### YOUR GOAL
Repeat the records below word for word, but start at the line that contains "Some of the text", stop after the last line, and include nothing else.

(Annotated photo localization data)
--

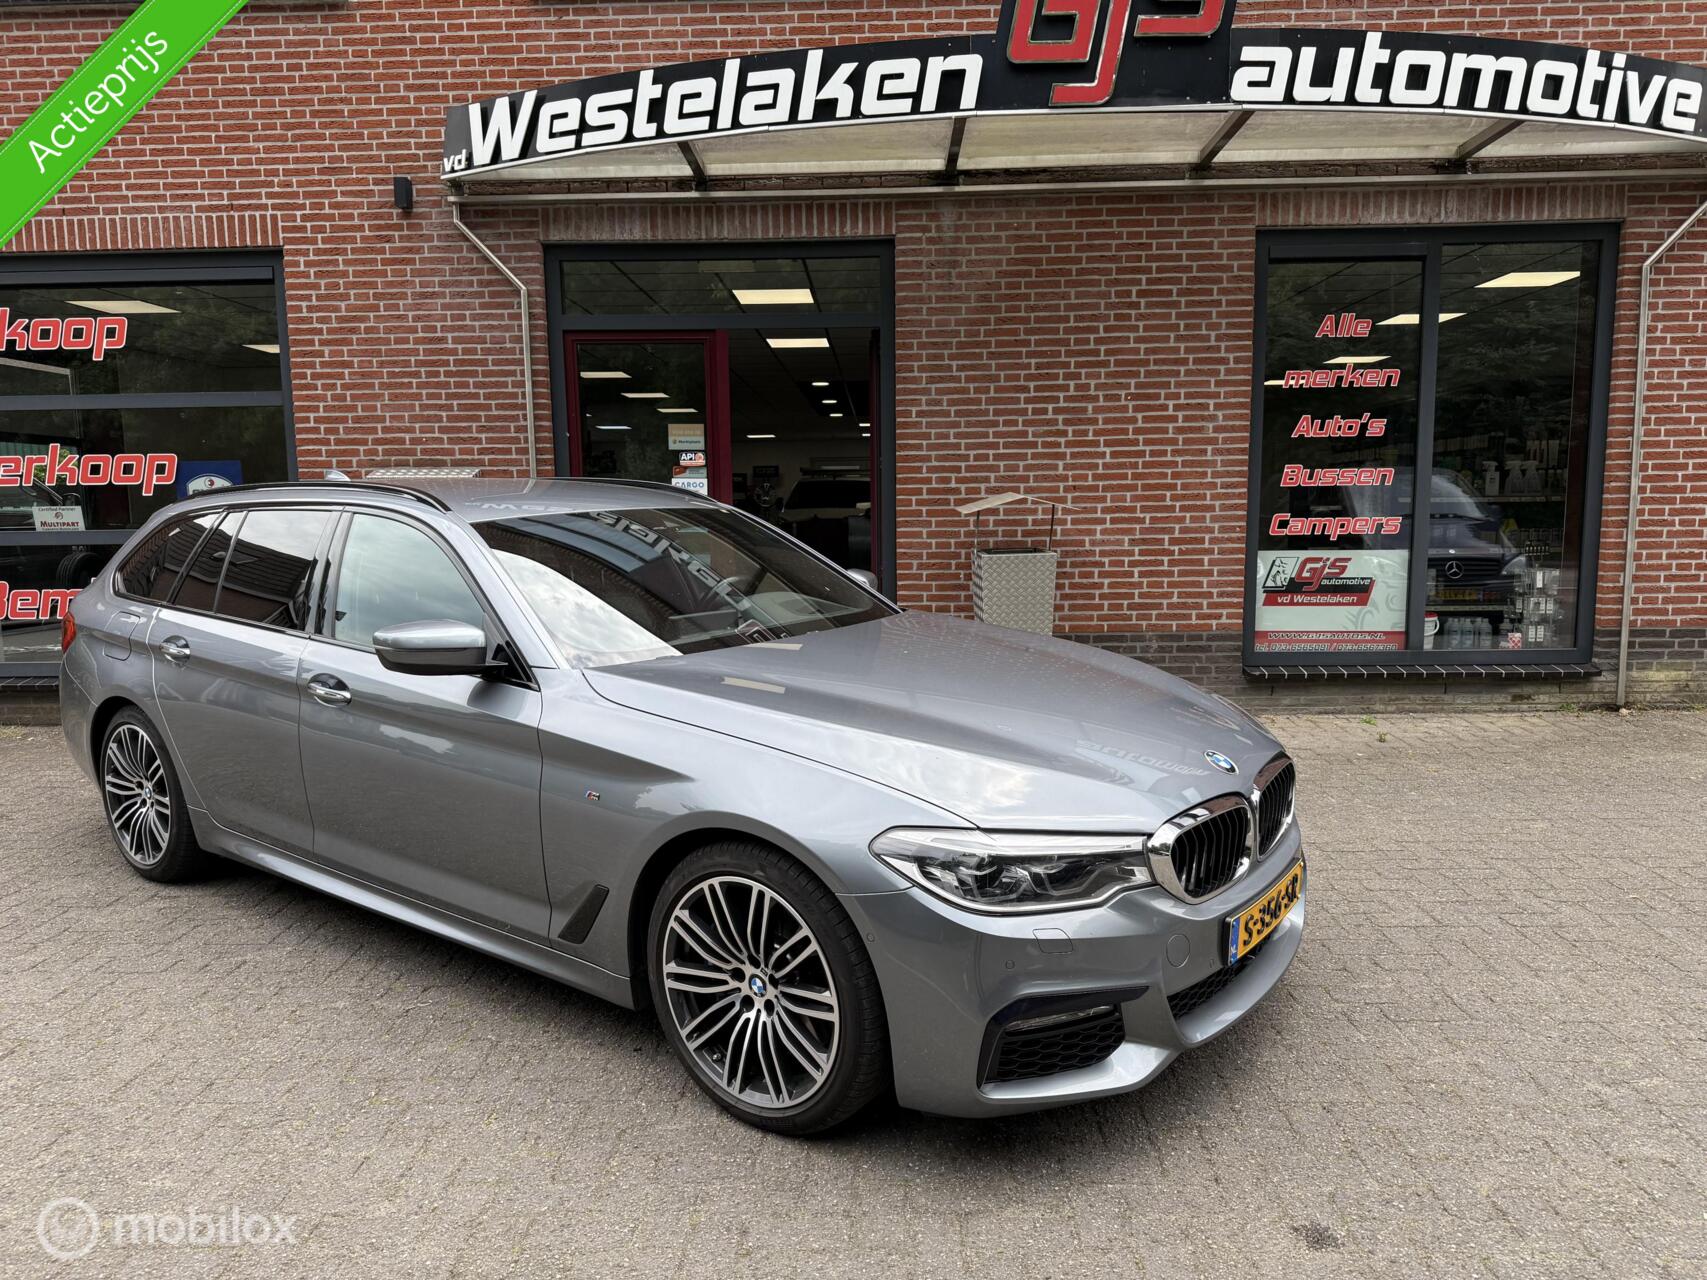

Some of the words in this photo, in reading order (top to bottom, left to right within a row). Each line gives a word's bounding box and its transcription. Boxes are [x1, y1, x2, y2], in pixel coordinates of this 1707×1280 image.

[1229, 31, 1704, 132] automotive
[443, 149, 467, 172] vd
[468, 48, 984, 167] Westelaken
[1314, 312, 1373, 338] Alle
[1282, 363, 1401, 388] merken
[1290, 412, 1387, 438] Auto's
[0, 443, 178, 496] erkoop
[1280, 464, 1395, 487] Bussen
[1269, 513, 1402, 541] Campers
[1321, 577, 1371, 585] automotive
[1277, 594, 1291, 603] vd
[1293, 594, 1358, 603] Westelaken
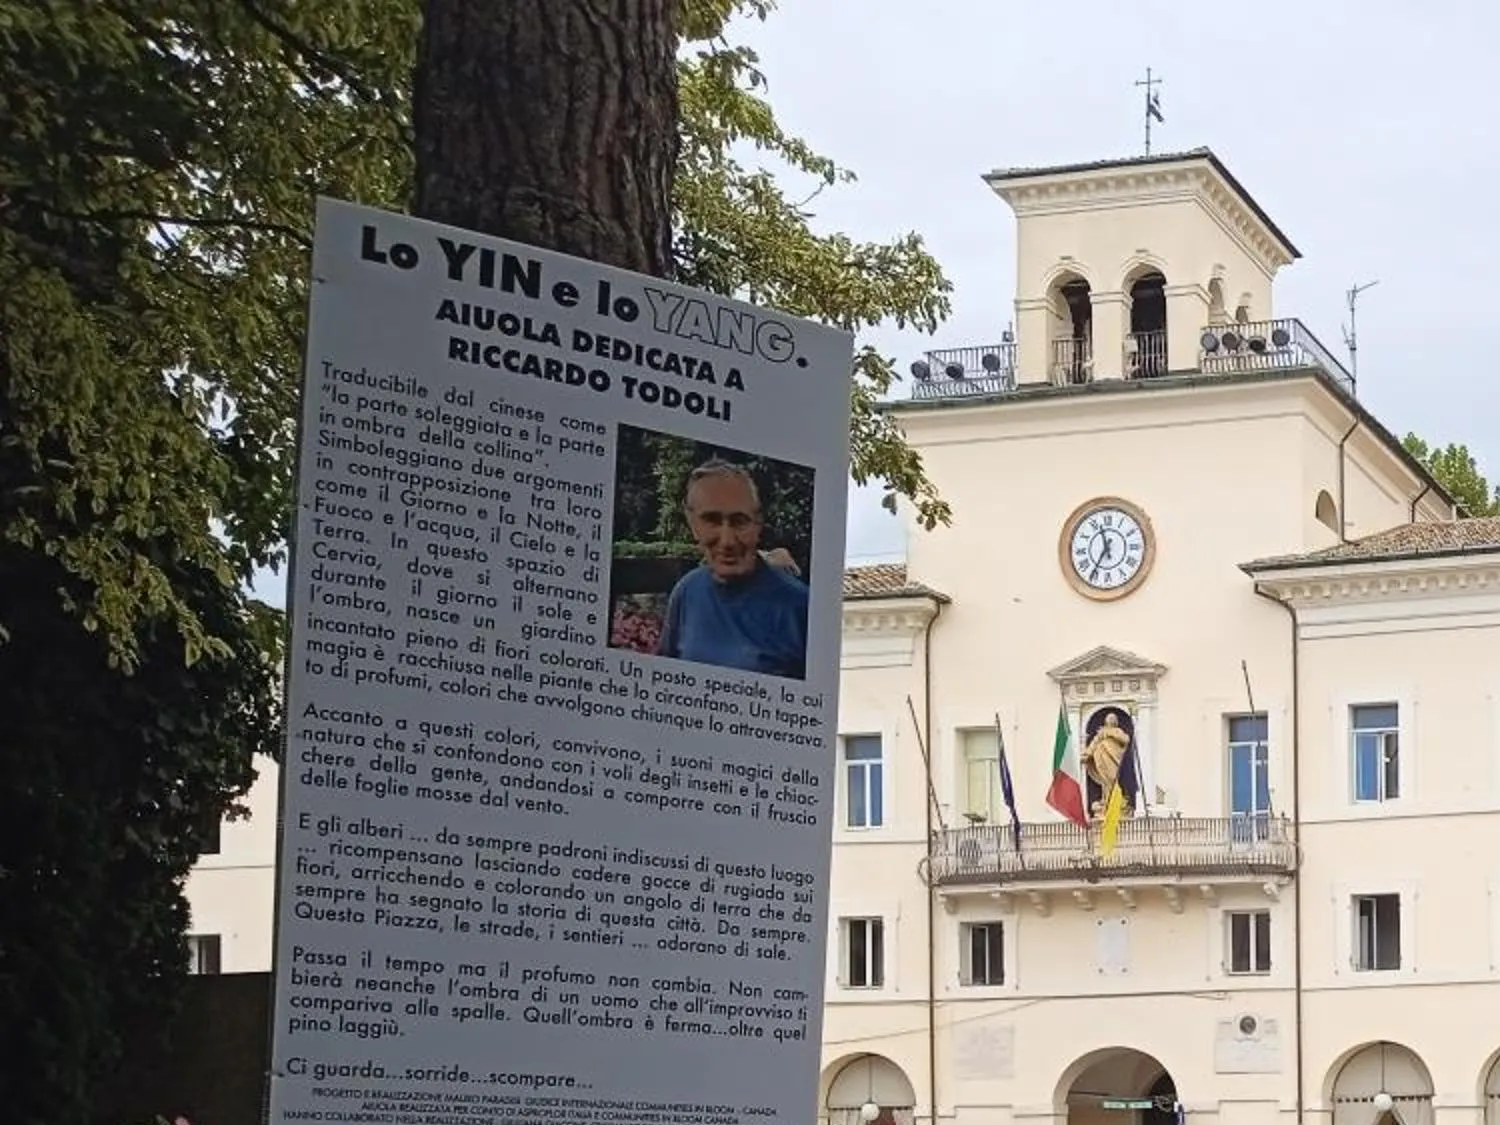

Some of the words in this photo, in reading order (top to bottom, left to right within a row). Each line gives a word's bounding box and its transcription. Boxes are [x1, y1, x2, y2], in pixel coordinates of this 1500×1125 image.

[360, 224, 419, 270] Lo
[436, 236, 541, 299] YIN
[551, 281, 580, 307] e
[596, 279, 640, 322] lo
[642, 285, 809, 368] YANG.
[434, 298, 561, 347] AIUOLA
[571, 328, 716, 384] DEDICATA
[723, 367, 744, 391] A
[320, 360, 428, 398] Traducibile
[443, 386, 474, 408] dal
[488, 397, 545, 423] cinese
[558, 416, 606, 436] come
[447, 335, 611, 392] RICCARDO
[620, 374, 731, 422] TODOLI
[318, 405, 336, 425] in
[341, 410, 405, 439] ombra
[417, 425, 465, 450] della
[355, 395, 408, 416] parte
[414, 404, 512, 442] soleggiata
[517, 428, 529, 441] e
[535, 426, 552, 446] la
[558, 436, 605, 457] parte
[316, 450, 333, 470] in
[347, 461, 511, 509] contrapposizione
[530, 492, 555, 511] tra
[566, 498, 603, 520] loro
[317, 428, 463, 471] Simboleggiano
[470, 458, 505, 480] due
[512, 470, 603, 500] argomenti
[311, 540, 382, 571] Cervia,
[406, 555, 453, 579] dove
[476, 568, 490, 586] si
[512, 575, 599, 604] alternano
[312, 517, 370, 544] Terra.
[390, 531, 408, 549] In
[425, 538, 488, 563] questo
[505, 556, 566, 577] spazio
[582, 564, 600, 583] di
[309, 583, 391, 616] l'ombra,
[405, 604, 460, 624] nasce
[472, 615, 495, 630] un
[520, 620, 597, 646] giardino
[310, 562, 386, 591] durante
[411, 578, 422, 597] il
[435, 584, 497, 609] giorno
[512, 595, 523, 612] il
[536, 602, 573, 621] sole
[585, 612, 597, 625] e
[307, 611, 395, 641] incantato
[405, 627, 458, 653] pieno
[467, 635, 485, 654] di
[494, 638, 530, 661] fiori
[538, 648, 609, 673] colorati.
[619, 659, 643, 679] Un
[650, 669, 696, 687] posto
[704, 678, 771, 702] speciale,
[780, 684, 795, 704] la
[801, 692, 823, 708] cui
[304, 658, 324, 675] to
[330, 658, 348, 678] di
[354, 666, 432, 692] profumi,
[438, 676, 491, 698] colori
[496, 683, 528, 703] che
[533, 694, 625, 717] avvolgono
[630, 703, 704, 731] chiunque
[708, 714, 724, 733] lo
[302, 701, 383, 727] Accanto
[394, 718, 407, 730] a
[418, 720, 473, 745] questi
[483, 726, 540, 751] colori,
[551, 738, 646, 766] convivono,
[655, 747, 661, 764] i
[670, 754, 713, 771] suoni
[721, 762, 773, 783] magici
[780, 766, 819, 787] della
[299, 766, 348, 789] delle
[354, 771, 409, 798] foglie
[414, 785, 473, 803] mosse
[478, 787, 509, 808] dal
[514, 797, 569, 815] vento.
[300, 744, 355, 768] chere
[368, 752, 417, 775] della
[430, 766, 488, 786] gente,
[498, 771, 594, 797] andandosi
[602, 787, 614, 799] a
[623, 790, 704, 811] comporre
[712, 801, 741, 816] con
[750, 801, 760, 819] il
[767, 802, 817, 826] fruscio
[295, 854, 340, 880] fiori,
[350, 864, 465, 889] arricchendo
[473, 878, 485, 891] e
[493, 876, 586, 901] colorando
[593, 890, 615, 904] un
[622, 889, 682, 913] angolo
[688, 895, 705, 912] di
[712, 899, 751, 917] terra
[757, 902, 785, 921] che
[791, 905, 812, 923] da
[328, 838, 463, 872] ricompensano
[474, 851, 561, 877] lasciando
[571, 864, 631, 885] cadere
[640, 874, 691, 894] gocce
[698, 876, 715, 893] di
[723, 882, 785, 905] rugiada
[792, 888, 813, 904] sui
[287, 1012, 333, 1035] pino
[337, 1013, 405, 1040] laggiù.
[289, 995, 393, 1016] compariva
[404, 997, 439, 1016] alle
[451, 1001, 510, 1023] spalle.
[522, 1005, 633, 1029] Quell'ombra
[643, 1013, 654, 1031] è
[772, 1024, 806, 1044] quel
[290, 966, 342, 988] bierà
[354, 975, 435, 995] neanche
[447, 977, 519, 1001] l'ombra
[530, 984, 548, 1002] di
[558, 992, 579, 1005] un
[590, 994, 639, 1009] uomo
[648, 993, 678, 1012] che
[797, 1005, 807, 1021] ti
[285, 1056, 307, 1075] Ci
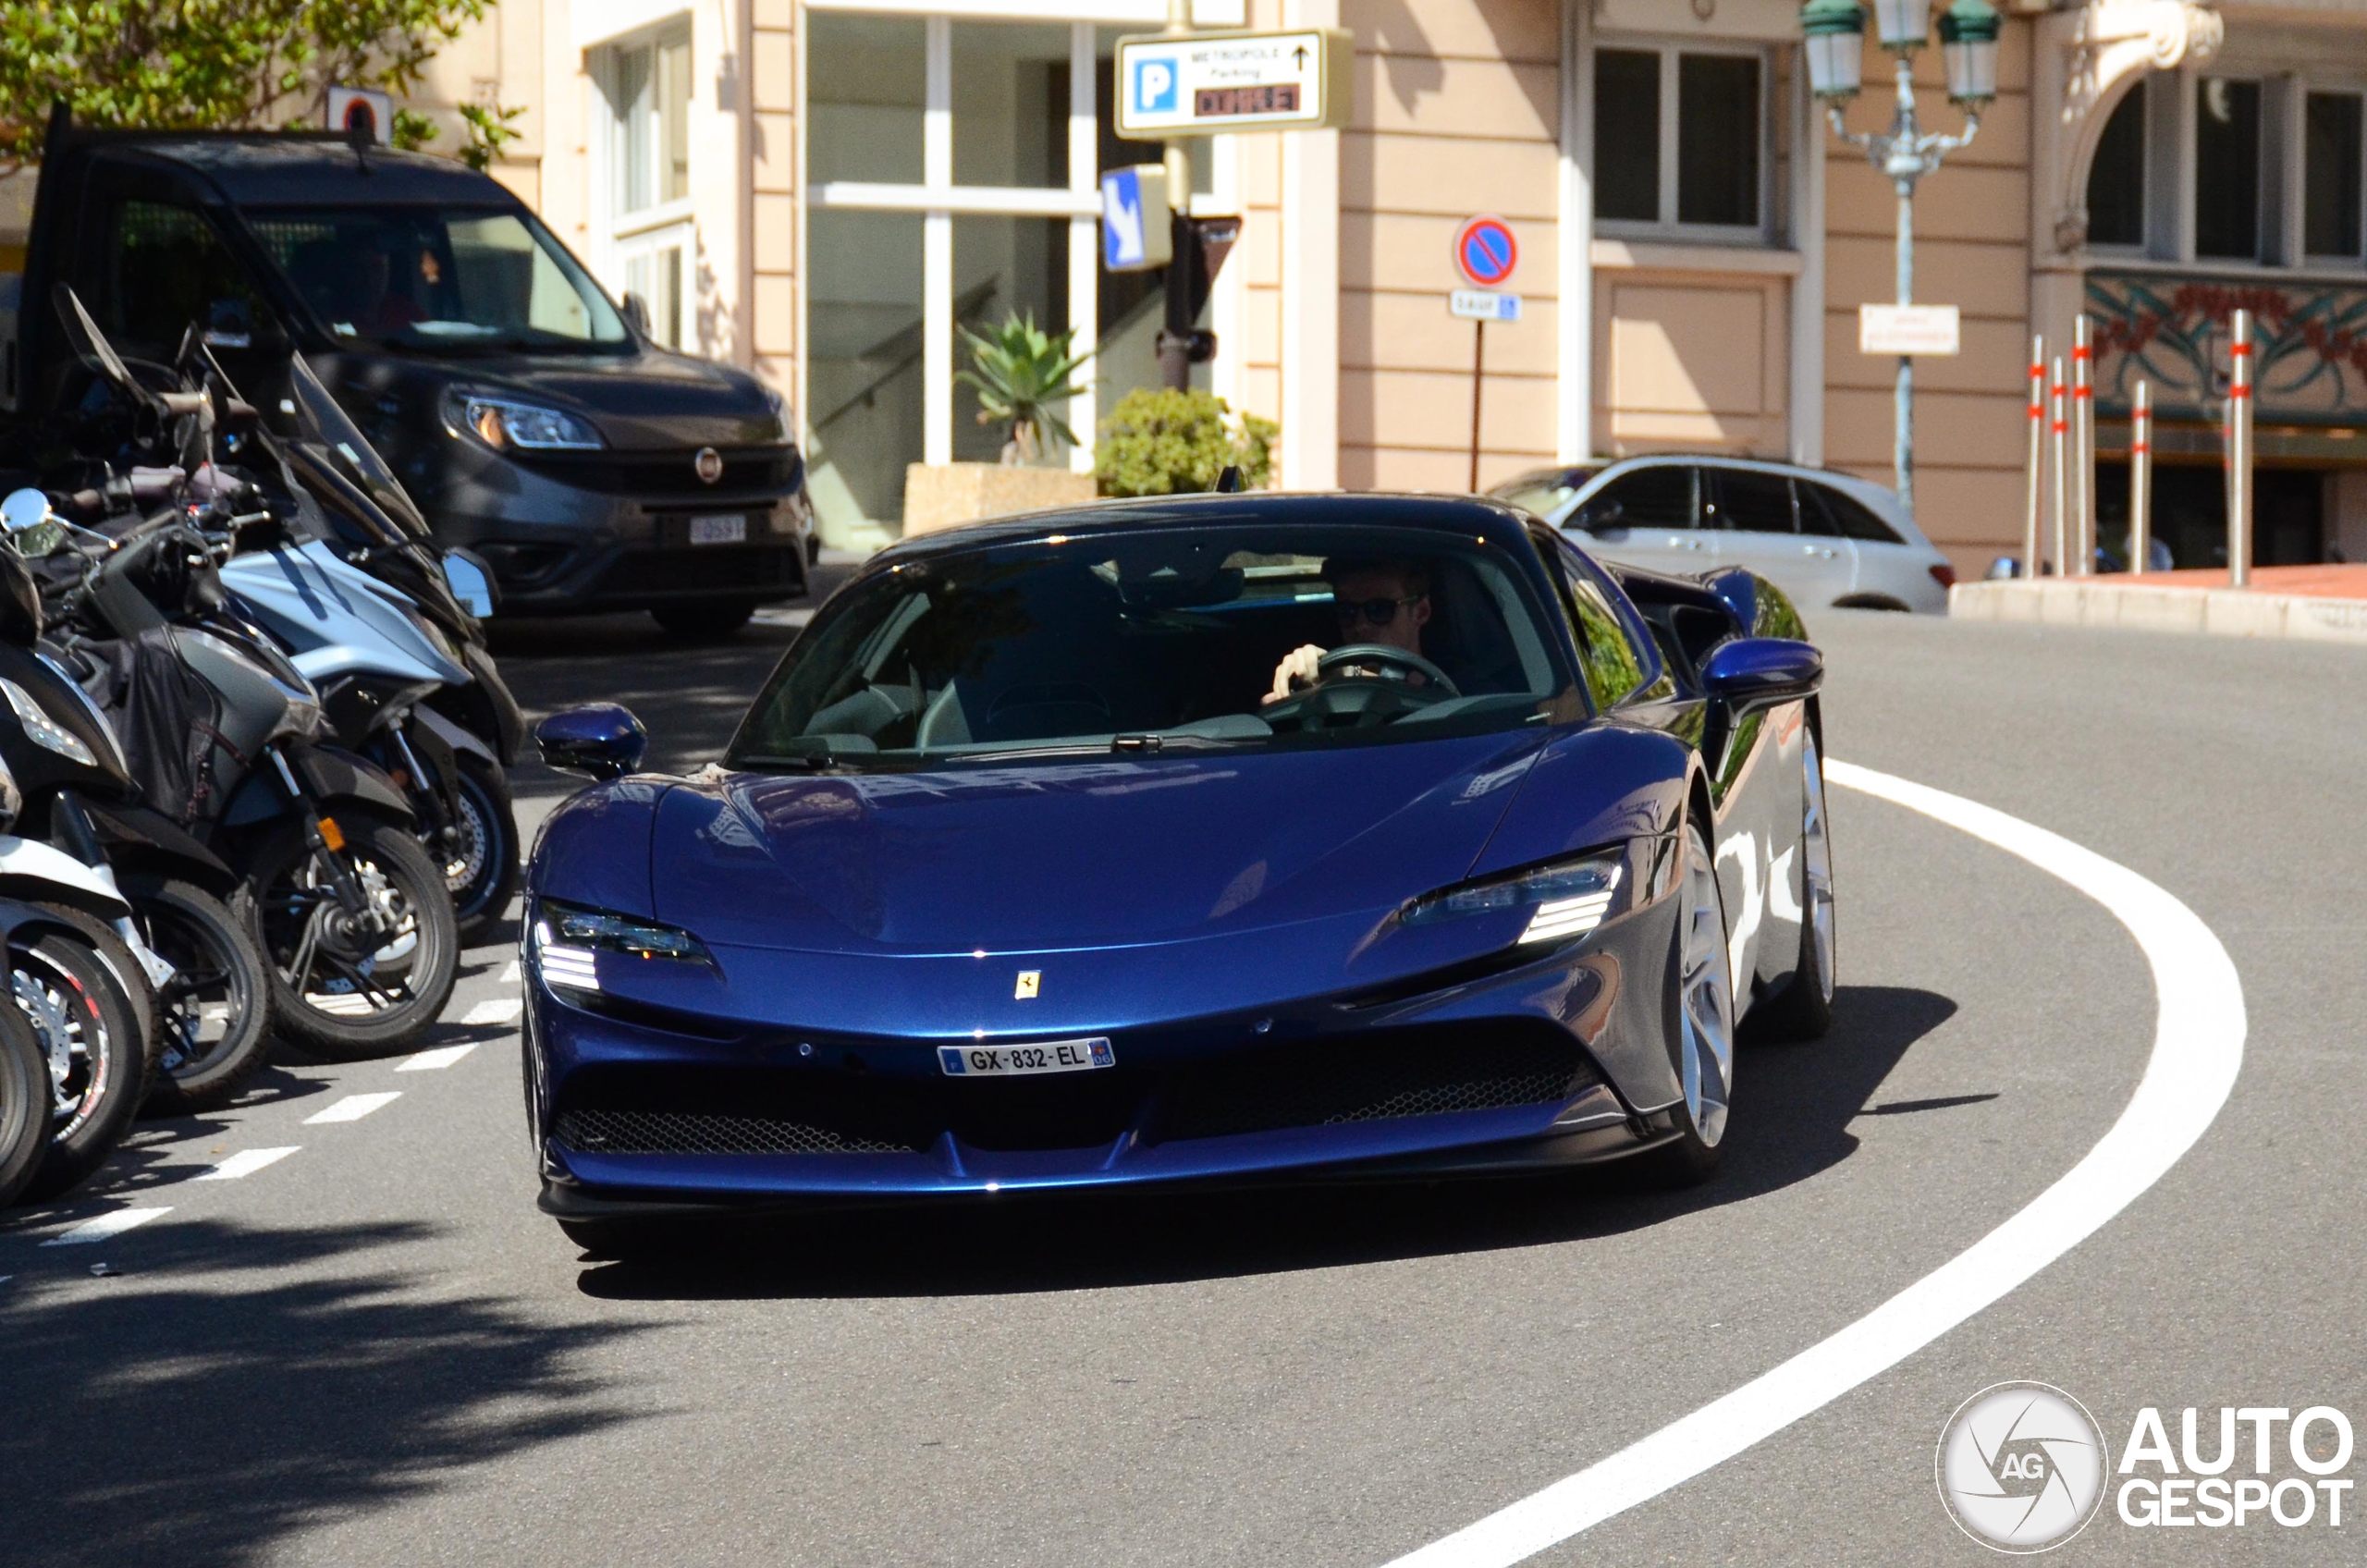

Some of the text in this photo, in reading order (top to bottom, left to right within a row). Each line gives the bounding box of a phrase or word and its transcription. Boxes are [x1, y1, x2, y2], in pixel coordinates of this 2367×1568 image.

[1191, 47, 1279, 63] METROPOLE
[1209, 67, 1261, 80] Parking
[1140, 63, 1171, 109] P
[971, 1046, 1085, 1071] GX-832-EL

--

### EXERCISE SOLUTION
Some of the text in this photo, in reading order (top to bottom, left to right within a row). Each line gives the bounding box of a phrase or word and its transcription. Boxes are [x1, y1, x2, y2], in pixel coordinates of this 2367×1568 image.

[1191, 47, 1279, 63] METROPOLE
[1209, 67, 1261, 80] Parking
[1140, 63, 1171, 109] P
[971, 1046, 1085, 1071] GX-832-EL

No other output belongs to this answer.